I remain, Dear Sir, your faithful Servant,
(Signed,) H. TAYLOR
Lieut. RICHARDSON, &c. &c. &c.
H. P. 92nd Regt.
BRIGHTON, December 18, 1832.
DEAR Sir,--I beg to acknowledge the receipt of your letter
of the 14th instant, and of the copy of your work,
WACOUSTA, for the King, which I have had the honor of
presenting to His Majesty, who received it very graciously.
I remain, Dear Sir, your faithful Servant,
(Signed,) H. TAYLOR
Lieut. RICHARDSON, &c. &c. &c.
H. P. 92nd Regt.
WINDSOR CASTLE, August 7, 1833.
DEAR SIR,--I have to acknowledge your letter of the 1st
instant, together with its enclosure, and beg to express
the deep gratification I have felt in the perusal of that
chapter of your new work which treats of the policy of
employing the Indians in any future war we may have with
the United States. Should you be desirous of dedicating
it to His Majesty I can foresee no difficulty.
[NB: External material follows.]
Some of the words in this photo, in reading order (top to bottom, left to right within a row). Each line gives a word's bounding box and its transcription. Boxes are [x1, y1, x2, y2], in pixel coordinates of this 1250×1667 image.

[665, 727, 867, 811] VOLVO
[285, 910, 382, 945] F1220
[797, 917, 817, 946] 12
Permit me to avail myself of this opportunity of assuring
you of the deep interest with which your WACOUSTA has
been read by the whole Court.
I remain, Dear Sir, your faithful Servant,
(Signed,) H. TAYLOR.
Lieut. RICHARDSON, &c. &c. &c.
H. P. 92nd Regt.
WINDSOR CASTLE, August 12, 1833.
DEAR SIR,--I beg to acknowledge the receipt of your letter
of the 9th, and to acquaint you that His Majesty acquiesces
in your wish to be permitted to dedicate your new work
to him.
I remain, Dear Sir, your faithful Servant,
(Signed,) H. TAYLOR.
Lieut. RICHARDSON, &c, &c. &c.
H. P. 92nd Regt.
By the above letters, two material points are established.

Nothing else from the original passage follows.